Let assume that the nth term is equal to n²+1,
    So       a + (n - 1)  d  =  n² + 1
           n² - n d  + (1+d -a) = 0

n=\frac{d+-\sqrt{d^2-4d+4a-4}}{2}

n is an integer if d² - 4 d + 4a -4 is real, a perfect square and then  its square root added to +d or -d is an even integer.

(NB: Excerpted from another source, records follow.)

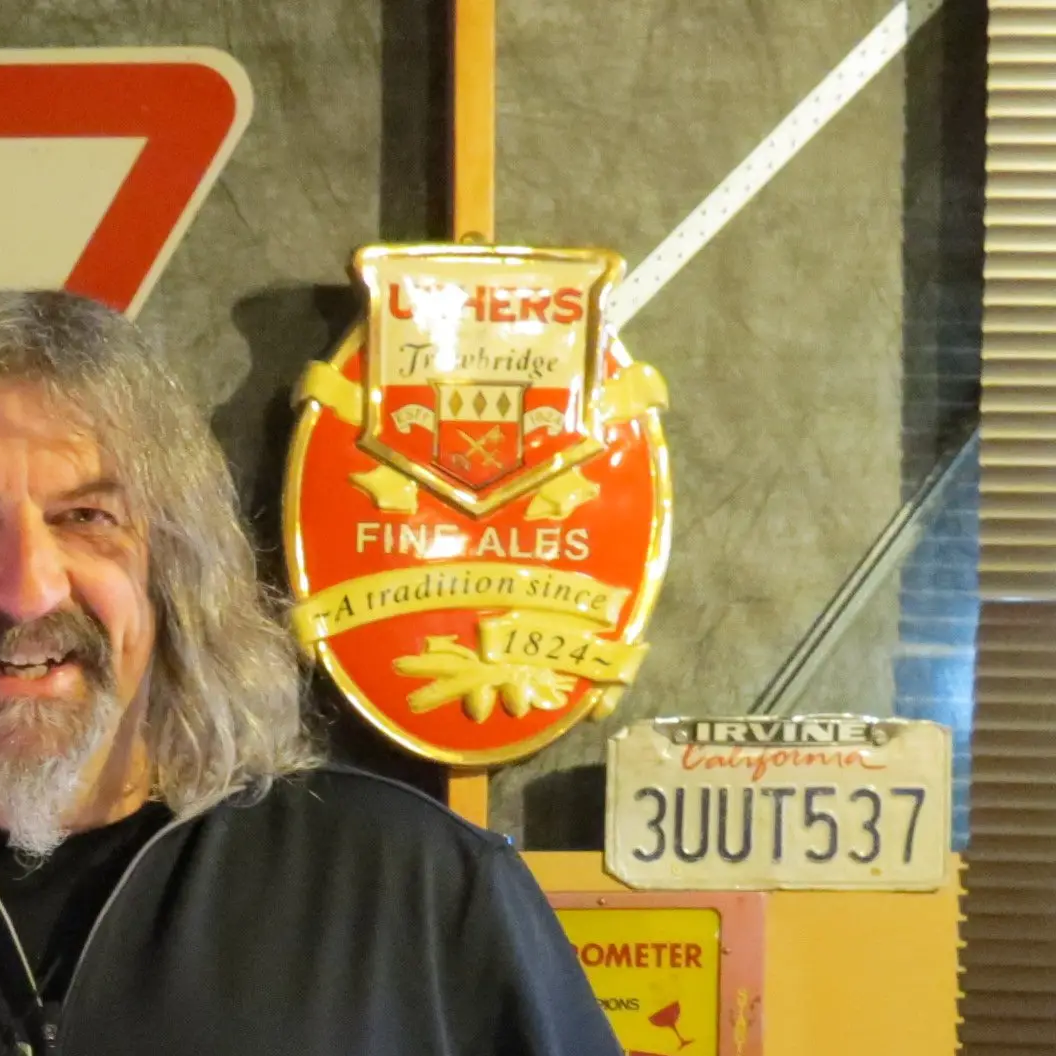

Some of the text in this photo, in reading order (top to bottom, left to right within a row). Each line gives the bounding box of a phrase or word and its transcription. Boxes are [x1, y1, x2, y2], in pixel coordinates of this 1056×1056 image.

[389, 283, 584, 323] UHERS
[399, 343, 558, 379] Trwbridge
[476, 526, 590, 560] ALES
[367, 570, 515, 611] tradition
[526, 574, 607, 611] since
[696, 722, 868, 742] IRVINE
[681, 744, 886, 782] California
[632, 786, 925, 864] 3UUT537
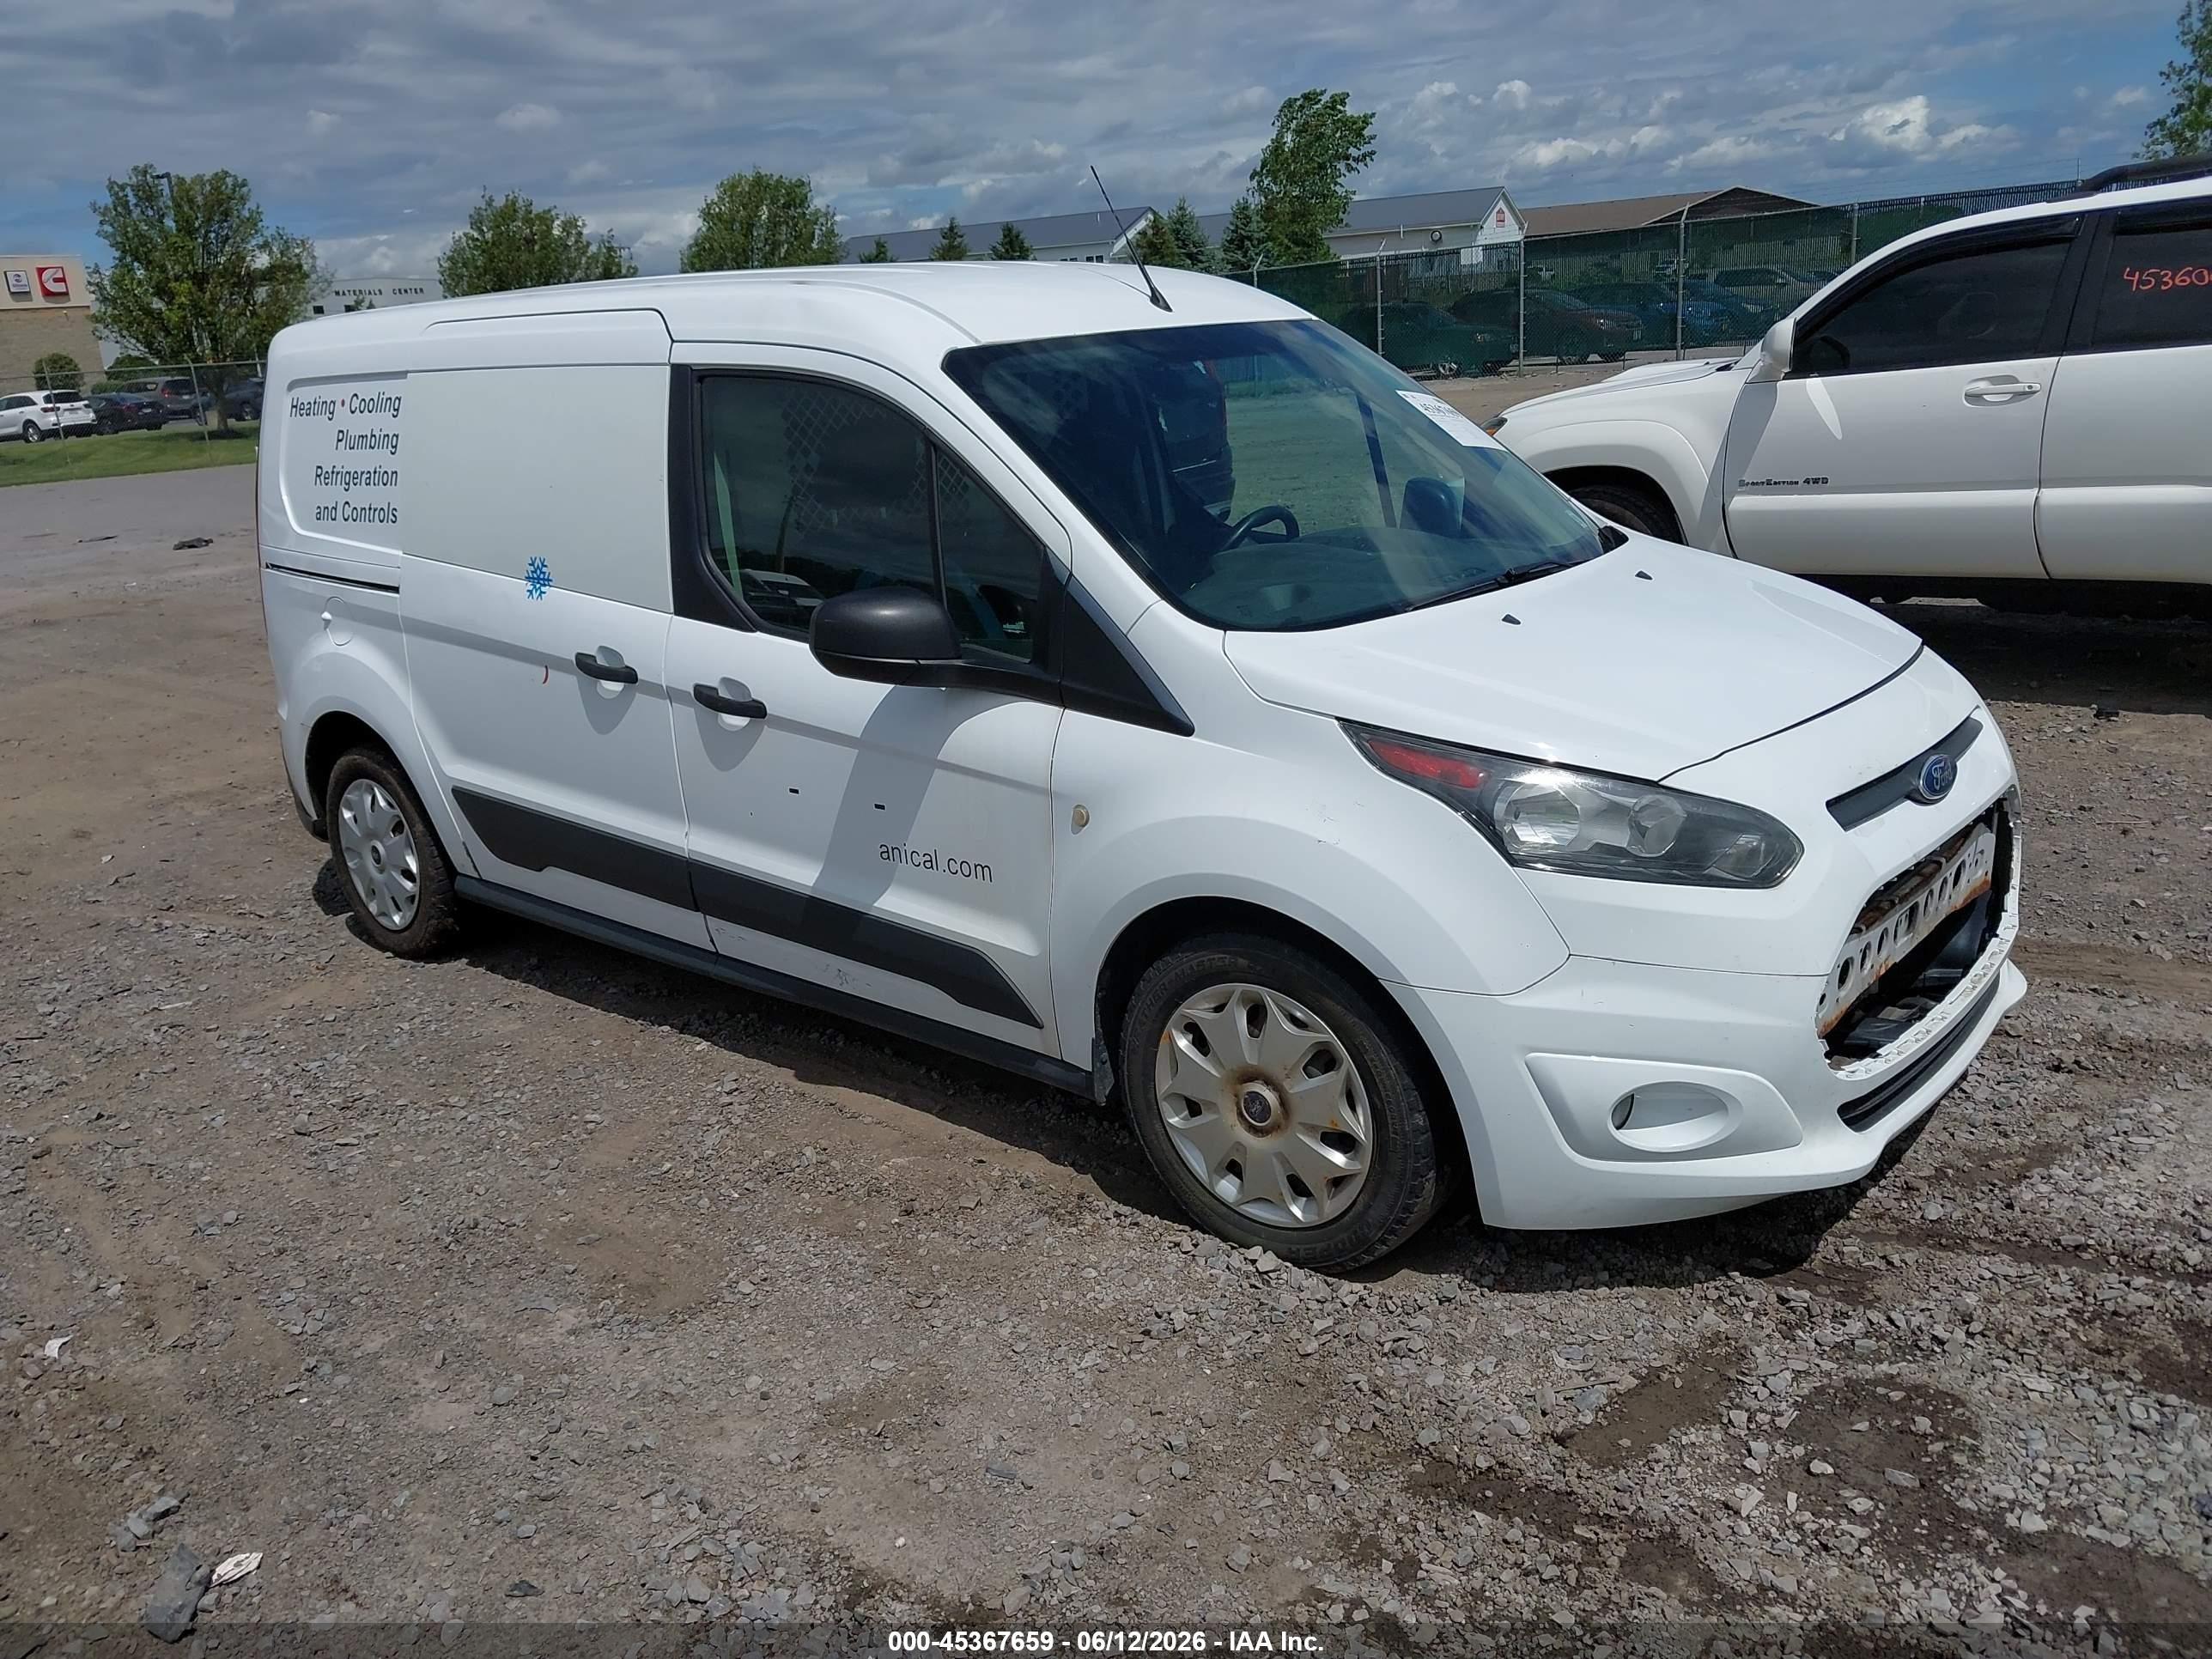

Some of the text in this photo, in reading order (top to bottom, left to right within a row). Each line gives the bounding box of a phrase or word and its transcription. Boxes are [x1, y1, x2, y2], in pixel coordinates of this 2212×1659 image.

[2124, 267, 2212, 291] 45360
[289, 396, 336, 422] Heating
[349, 392, 401, 418] Cooling
[335, 428, 399, 455] Plumbing
[314, 465, 398, 492] Refrigeration
[1803, 477, 1829, 485] 4WD
[315, 501, 398, 524] and Controls
[879, 842, 993, 883] anical.com
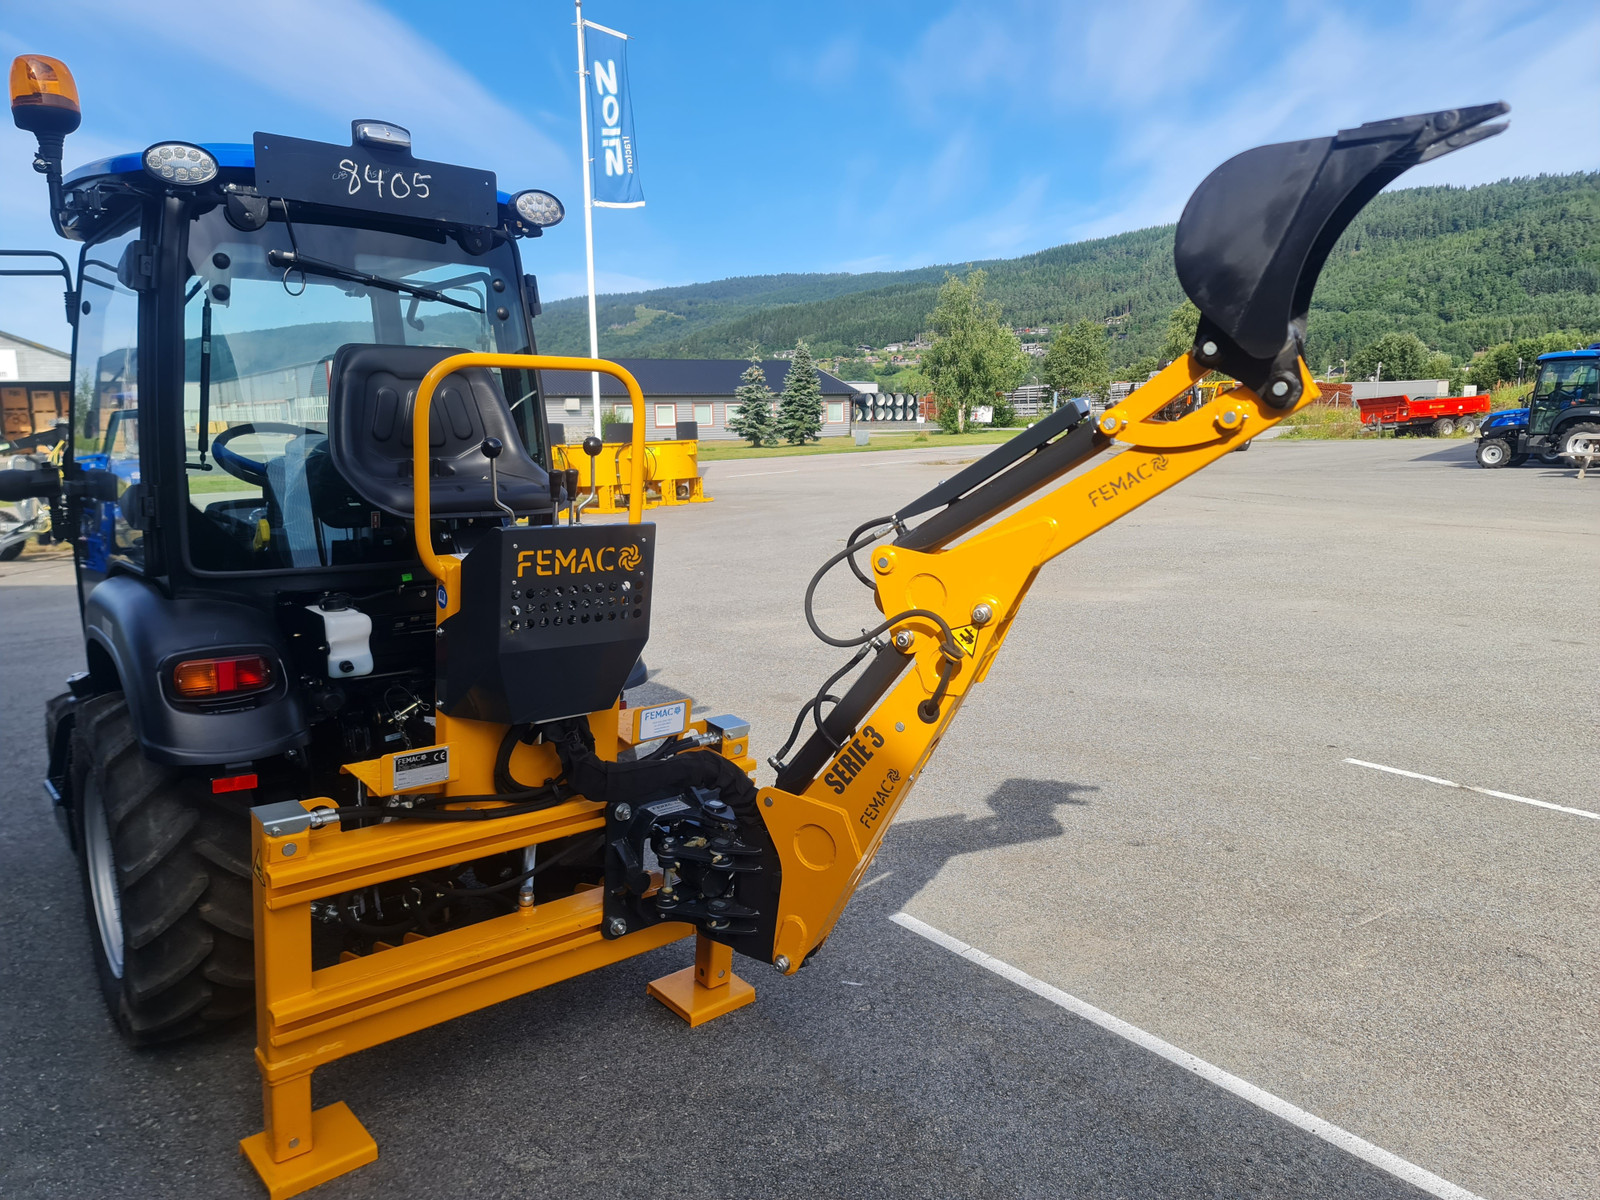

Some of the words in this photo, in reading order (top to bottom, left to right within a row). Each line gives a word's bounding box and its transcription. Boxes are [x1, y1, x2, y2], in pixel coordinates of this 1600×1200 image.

     d² - 4 d + 4 (a-1) is  real and perfect square only if the discriminant is 0.
          4² - 16 (a - 1) = 0
       =>   a = 2

Now,  d + (d-2) = 2 (d - 1)  must be an even integer.  Which is true if d is an integer.
         OR,  d - (d - 2)    must be an even integer,  which is true,

now  n = d - 1    or     1

case 1)     n = d - 1  => d = n+1     and  a  = 2
         2,  2+n+1, 2+2(n+1),  2  + 3 (n+1) , ....
         2,  5, 10, 17, ...        This  is not an Arithmetic Progression.

case 2)     2,  2+d, 2+2 d,   2+3d ,  2+4 d

It seems only  one term or two terms can satisfy the condition that  n the term is  n² + 1.  Like in
      2, 5, 8, 11 ....  :  only the first two terms satisfy the condition.
   or  2, 6, 10, 14, ... :  the first and 3 rd  terms satisfy the condition.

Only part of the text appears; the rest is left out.